[Dataset entries]
.....

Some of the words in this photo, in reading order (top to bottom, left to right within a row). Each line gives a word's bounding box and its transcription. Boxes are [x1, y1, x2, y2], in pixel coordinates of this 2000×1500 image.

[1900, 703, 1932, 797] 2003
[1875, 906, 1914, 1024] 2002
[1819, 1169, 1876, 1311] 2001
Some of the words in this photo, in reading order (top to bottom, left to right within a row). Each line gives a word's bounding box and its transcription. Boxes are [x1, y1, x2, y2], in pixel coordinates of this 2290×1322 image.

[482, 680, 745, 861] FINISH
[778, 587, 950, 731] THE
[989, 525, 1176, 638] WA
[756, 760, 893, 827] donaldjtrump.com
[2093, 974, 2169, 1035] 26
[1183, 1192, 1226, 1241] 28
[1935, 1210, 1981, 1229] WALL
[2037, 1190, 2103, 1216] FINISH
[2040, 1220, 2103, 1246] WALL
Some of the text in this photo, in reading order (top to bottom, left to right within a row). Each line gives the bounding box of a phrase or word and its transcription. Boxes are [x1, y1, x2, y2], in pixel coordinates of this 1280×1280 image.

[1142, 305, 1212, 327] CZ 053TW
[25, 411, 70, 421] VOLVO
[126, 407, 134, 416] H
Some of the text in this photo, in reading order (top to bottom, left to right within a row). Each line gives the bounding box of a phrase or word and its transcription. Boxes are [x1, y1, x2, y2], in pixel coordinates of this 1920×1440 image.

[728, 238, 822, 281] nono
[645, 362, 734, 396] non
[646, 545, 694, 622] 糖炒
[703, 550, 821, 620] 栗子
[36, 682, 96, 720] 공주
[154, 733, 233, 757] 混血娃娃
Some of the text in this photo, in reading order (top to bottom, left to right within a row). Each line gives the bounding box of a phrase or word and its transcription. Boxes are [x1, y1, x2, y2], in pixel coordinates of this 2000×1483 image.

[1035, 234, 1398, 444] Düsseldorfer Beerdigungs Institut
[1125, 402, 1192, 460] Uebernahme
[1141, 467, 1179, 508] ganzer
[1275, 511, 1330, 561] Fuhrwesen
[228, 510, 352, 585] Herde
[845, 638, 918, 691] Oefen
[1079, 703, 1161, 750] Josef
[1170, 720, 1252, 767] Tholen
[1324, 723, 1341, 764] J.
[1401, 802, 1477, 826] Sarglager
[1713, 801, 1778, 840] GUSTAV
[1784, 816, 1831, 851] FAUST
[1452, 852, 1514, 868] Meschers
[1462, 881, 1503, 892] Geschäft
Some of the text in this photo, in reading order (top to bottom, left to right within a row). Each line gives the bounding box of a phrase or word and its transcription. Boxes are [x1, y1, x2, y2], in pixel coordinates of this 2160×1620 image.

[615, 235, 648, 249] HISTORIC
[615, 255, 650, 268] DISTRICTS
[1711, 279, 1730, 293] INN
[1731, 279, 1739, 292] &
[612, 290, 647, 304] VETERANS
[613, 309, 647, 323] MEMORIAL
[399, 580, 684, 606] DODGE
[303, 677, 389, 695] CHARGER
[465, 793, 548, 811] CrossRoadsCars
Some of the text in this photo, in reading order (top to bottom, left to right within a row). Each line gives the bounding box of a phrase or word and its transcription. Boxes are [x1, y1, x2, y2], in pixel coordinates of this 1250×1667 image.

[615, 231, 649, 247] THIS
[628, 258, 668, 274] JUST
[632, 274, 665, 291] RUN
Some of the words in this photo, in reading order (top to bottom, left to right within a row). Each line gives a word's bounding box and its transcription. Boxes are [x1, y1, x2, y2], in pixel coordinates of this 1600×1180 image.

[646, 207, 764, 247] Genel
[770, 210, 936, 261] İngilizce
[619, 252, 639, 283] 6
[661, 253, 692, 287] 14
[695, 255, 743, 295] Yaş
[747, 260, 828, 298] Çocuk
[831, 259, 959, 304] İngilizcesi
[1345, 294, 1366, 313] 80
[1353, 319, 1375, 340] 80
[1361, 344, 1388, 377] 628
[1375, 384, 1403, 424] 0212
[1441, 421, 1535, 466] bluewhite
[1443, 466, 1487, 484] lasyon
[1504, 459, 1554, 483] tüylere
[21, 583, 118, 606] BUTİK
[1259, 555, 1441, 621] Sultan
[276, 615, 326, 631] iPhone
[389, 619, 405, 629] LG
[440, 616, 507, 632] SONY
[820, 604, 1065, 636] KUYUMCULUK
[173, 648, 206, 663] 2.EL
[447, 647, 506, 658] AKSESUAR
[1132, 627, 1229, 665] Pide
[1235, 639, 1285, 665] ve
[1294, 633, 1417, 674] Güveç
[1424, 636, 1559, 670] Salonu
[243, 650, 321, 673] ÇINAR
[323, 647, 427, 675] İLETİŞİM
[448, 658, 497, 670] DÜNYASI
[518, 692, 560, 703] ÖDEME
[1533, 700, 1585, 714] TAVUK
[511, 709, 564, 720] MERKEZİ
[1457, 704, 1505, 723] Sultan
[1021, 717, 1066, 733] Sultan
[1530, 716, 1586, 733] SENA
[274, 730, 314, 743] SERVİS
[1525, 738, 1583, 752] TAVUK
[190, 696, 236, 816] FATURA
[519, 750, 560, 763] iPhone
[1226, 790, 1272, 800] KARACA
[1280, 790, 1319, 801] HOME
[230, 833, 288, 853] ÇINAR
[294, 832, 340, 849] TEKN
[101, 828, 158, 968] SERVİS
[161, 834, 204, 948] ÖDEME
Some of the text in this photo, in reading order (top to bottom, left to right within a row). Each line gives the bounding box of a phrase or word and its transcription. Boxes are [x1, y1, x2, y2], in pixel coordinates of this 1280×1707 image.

.....

• _Task_
Make sure every record is repeated exactly.

• _Output of the task_
Some of the words in this photo, in reading order (top to bottom, left to right within a row). Each line gives a word's bounding box and its transcription. Boxes are [x1, y1, x2, y2], in pixel coordinates of this 2000×1500 image.

[1900, 703, 1932, 797] 2003
[1875, 906, 1914, 1024] 2002
[1819, 1169, 1876, 1311] 2001
Some of the words in this photo, in reading order (top to bottom, left to right within a row). Each line gives a word's bounding box and its transcription. Boxes are [x1, y1, x2, y2], in pixel coordinates of this 2290×1322 image.

[482, 680, 745, 861] FINISH
[778, 587, 950, 731] THE
[989, 525, 1176, 638] WA
[756, 760, 893, 827] donaldjtrump.com
[2093, 974, 2169, 1035] 26
[1183, 1192, 1226, 1241] 28
[1935, 1210, 1981, 1229] WALL
[2037, 1190, 2103, 1216] FINISH
[2040, 1220, 2103, 1246] WALL
Some of the text in this photo, in reading order (top to bottom, left to right within a row). Each line gives the bounding box of a phrase or word and its transcription. Boxes are [x1, y1, x2, y2], in pixel coordinates of this 1280×1280 image.

[1142, 305, 1212, 327] CZ 053TW
[25, 411, 70, 421] VOLVO
[126, 407, 134, 416] H
Some of the text in this photo, in reading order (top to bottom, left to right within a row). Each line gives the bounding box of a phrase or word and its transcription. Boxes are [x1, y1, x2, y2], in pixel coordinates of this 1920×1440 image.

[728, 238, 822, 281] nono
[645, 362, 734, 396] non
[646, 545, 694, 622] 糖炒
[703, 550, 821, 620] 栗子
[36, 682, 96, 720] 공주
[154, 733, 233, 757] 混血娃娃
Some of the text in this photo, in reading order (top to bottom, left to right within a row). Each line gives the bounding box of a phrase or word and its transcription. Boxes are [x1, y1, x2, y2], in pixel coordinates of this 2000×1483 image.

[1035, 234, 1398, 444] Düsseldorfer Beerdigungs Institut
[1125, 402, 1192, 460] Uebernahme
[1141, 467, 1179, 508] ganzer
[1275, 511, 1330, 561] Fuhrwesen
[228, 510, 352, 585] Herde
[845, 638, 918, 691] Oefen
[1079, 703, 1161, 750] Josef
[1170, 720, 1252, 767] Tholen
[1324, 723, 1341, 764] J.
[1401, 802, 1477, 826] Sarglager
[1713, 801, 1778, 840] GUSTAV
[1784, 816, 1831, 851] FAUST
[1452, 852, 1514, 868] Meschers
[1462, 881, 1503, 892] Geschäft
Some of the text in this photo, in reading order (top to bottom, left to right within a row). Each line gives the bounding box of a phrase or word and its transcription. Boxes are [x1, y1, x2, y2], in pixel coordinates of this 2160×1620 image.

[615, 235, 648, 249] HISTORIC
[615, 255, 650, 268] DISTRICTS
[1711, 279, 1730, 293] INN
[1731, 279, 1739, 292] &
[612, 290, 647, 304] VETERANS
[613, 309, 647, 323] MEMORIAL
[399, 580, 684, 606] DODGE
[303, 677, 389, 695] CHARGER
[465, 793, 548, 811] CrossRoadsCars
Some of the text in this photo, in reading order (top to bottom, left to right within a row). Each line gives the bounding box of a phrase or word and its transcription. Boxes are [x1, y1, x2, y2], in pixel coordinates of this 1250×1667 image.

[615, 231, 649, 247] THIS
[628, 258, 668, 274] JUST
[632, 274, 665, 291] RUN
Some of the words in this photo, in reading order (top to bottom, left to right within a row). Each line gives a word's bounding box and its transcription. Boxes are [x1, y1, x2, y2], in pixel coordinates of this 1600×1180 image.

[646, 207, 764, 247] Genel
[770, 210, 936, 261] İngilizce
[619, 252, 639, 283] 6
[661, 253, 692, 287] 14
[695, 255, 743, 295] Yaş
[747, 260, 828, 298] Çocuk
[831, 259, 959, 304] İngilizcesi
[1345, 294, 1366, 313] 80
[1353, 319, 1375, 340] 80
[1361, 344, 1388, 377] 628
[1375, 384, 1403, 424] 0212
[1441, 421, 1535, 466] bluewhite
[1443, 466, 1487, 484] lasyon
[1504, 459, 1554, 483] tüylere
[21, 583, 118, 606] BUTİK
[1259, 555, 1441, 621] Sultan
[276, 615, 326, 631] iPhone
[389, 619, 405, 629] LG
[440, 616, 507, 632] SONY
[820, 604, 1065, 636] KUYUMCULUK
[173, 648, 206, 663] 2.EL
[447, 647, 506, 658] AKSESUAR
[1132, 627, 1229, 665] Pide
[1235, 639, 1285, 665] ve
[1294, 633, 1417, 674] Güveç
[1424, 636, 1559, 670] Salonu
[243, 650, 321, 673] ÇINAR
[323, 647, 427, 675] İLETİŞİM
[448, 658, 497, 670] DÜNYASI
[518, 692, 560, 703] ÖDEME
[1533, 700, 1585, 714] TAVUK
[511, 709, 564, 720] MERKEZİ
[1457, 704, 1505, 723] Sultan
[1021, 717, 1066, 733] Sultan
[1530, 716, 1586, 733] SENA
[274, 730, 314, 743] SERVİS
[1525, 738, 1583, 752] TAVUK
[190, 696, 236, 816] FATURA
[519, 750, 560, 763] iPhone
[1226, 790, 1272, 800] KARACA
[1280, 790, 1319, 801] HOME
[230, 833, 288, 853] ÇINAR
[294, 832, 340, 849] TEKN
[101, 828, 158, 968] SERVİS
[161, 834, 204, 948] ÖDEME
Some of the text in this photo, in reading order (top to bottom, left to right within a row). Each line gives the bounding box of a phrase or word and its transcription. Boxes are [x1, y1, x2, y2], in pixel coordinates of this 1280×1707 image.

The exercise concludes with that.